TASK PROMPT: Begin with the line containing "this 2048×1366 image." and reproduce it and all later lines exactly, through the last line of the records. Add nothing else.

[Extracted data entries]
◆ ◆ ◆ ◆ ◆ ◆ ◆
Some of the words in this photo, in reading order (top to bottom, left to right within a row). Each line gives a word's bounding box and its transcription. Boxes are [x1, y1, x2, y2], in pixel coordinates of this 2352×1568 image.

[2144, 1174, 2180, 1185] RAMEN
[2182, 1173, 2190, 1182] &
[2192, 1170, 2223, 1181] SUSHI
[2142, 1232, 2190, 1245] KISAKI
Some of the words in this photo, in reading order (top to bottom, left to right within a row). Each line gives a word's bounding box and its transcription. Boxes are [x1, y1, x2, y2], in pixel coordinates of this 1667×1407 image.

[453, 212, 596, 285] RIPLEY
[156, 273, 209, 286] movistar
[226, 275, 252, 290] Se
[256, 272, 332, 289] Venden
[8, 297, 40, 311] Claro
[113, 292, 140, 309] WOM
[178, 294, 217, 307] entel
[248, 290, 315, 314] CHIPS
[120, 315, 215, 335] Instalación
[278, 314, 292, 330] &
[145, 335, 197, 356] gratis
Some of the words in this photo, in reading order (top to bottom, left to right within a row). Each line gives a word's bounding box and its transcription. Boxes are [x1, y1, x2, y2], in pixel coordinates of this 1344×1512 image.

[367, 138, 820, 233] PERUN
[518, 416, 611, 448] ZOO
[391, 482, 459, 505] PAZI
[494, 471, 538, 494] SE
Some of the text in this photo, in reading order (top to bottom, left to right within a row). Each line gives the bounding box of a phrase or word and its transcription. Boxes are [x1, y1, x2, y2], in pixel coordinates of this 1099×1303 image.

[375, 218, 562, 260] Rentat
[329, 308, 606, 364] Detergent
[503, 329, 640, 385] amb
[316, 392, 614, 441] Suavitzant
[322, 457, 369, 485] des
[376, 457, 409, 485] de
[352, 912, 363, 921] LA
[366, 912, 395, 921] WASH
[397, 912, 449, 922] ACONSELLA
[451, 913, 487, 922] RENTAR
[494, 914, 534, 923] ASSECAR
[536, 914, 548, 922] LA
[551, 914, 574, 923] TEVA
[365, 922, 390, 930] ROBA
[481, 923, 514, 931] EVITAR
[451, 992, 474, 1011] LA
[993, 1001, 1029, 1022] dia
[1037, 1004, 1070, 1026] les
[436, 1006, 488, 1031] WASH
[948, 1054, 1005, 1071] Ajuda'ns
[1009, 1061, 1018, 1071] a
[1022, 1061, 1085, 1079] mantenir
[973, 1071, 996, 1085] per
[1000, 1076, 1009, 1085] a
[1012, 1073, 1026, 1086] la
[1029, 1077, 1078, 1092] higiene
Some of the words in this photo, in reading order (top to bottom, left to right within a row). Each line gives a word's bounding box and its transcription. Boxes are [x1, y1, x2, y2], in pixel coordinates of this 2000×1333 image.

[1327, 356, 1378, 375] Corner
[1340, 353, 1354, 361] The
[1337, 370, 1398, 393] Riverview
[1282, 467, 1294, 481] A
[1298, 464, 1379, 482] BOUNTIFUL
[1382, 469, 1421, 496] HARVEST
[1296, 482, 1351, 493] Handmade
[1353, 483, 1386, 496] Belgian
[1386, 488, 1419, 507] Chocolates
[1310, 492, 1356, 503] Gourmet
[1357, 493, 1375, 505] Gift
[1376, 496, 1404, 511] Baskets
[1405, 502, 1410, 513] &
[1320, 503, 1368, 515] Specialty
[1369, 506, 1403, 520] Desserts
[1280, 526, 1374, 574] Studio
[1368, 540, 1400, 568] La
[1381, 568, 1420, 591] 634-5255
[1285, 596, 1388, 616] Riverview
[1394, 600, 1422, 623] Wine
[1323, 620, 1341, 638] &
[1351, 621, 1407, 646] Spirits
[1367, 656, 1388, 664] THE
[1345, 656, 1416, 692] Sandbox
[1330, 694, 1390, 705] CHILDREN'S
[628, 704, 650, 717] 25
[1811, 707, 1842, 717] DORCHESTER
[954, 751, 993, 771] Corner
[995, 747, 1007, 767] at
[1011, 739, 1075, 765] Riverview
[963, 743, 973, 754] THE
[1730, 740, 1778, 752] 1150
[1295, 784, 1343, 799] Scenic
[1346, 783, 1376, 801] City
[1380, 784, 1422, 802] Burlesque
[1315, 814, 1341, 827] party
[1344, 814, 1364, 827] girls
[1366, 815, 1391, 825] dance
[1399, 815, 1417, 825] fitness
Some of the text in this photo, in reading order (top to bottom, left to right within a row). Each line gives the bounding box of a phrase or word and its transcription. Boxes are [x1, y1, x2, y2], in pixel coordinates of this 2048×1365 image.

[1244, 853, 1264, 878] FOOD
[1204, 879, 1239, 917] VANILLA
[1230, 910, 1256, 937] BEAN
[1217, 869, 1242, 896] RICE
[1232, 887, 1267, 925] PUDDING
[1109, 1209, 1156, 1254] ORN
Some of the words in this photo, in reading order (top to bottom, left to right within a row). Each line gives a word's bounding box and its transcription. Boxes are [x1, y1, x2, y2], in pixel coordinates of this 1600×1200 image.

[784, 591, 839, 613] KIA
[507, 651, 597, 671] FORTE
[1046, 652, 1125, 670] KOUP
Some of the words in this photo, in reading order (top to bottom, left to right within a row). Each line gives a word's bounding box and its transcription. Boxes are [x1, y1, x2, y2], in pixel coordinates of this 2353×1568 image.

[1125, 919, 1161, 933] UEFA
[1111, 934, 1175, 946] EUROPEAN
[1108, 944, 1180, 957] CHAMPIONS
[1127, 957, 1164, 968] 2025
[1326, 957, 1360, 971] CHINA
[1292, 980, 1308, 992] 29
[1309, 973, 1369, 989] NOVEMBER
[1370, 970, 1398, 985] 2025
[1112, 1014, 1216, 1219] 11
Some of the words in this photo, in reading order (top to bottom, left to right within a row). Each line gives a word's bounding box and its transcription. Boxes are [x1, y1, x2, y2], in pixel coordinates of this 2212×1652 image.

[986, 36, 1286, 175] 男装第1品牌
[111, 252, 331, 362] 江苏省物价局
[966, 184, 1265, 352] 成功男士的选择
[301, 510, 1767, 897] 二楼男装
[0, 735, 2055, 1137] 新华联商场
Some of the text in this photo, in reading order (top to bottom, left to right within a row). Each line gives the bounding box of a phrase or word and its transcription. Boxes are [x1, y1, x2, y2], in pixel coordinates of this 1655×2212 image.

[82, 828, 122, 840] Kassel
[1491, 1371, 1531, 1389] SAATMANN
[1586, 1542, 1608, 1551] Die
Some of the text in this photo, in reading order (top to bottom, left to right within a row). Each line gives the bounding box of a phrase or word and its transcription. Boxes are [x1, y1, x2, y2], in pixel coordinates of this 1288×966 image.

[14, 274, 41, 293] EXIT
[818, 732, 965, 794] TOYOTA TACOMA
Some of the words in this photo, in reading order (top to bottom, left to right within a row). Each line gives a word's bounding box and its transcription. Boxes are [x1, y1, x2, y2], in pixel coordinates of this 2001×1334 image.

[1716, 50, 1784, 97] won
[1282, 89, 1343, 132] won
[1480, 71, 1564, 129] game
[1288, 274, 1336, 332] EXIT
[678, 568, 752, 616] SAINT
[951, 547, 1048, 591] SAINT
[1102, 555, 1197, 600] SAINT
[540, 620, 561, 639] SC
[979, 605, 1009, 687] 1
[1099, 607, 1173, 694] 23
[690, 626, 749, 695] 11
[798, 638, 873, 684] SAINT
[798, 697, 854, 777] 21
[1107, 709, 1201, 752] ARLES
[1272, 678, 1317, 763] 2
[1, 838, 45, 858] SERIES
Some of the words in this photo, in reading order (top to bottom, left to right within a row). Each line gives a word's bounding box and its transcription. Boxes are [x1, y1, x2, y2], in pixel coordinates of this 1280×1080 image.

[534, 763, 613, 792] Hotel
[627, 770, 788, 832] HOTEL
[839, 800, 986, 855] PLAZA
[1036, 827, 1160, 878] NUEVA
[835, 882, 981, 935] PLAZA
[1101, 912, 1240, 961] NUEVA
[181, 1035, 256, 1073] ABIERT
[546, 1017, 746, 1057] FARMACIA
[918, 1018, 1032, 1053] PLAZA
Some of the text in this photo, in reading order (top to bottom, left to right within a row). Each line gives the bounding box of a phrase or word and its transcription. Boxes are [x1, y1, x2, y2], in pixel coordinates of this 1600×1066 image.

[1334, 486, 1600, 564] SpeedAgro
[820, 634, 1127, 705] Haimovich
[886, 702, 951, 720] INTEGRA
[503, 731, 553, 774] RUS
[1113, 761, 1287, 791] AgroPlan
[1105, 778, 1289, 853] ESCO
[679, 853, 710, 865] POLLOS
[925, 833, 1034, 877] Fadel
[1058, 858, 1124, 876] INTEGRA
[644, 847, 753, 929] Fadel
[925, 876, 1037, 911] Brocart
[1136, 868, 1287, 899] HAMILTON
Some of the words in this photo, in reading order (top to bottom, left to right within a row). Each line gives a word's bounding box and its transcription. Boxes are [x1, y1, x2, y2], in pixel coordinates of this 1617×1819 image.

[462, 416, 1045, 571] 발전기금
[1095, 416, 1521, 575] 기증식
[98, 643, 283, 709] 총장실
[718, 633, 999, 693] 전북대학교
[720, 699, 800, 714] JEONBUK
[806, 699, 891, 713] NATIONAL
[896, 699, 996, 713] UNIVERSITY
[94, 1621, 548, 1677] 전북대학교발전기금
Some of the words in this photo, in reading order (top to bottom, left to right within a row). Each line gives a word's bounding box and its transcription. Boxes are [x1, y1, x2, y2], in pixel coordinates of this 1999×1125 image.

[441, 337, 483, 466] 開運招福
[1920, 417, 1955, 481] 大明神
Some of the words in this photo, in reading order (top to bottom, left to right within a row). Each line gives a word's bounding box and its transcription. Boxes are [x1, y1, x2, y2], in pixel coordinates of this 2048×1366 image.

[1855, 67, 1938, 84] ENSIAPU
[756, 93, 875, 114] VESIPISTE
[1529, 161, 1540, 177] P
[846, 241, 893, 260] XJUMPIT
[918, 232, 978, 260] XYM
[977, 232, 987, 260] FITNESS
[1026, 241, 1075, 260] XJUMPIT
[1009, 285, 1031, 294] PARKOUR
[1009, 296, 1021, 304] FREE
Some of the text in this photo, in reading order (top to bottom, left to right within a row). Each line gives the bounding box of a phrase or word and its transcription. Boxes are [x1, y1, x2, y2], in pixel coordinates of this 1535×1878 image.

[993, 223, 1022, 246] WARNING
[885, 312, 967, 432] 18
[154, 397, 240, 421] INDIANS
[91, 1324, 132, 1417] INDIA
◆ ◆ ◆ ◆ ◆ ◆ ◆
RESPONSE:
Some of the words in this photo, in reading order (top to bottom, left to right within a row). Each line gives a word's bounding box and its transcription. Boxes are [x1, y1, x2, y2], in pixel coordinates of this 2048×1366 image.

[1855, 67, 1938, 84] ENSIAPU
[756, 93, 875, 114] VESIPISTE
[1529, 161, 1540, 177] P
[846, 241, 893, 260] XJUMPIT
[918, 232, 978, 260] XYM
[977, 232, 987, 260] FITNESS
[1026, 241, 1075, 260] XJUMPIT
[1009, 285, 1031, 294] PARKOUR
[1009, 296, 1021, 304] FREE
Some of the text in this photo, in reading order (top to bottom, left to right within a row). Each line gives the bounding box of a phrase or word and its transcription. Boxes are [x1, y1, x2, y2], in pixel coordinates of this 1535×1878 image.

[993, 223, 1022, 246] WARNING
[885, 312, 967, 432] 18
[154, 397, 240, 421] INDIANS
[91, 1324, 132, 1417] INDIA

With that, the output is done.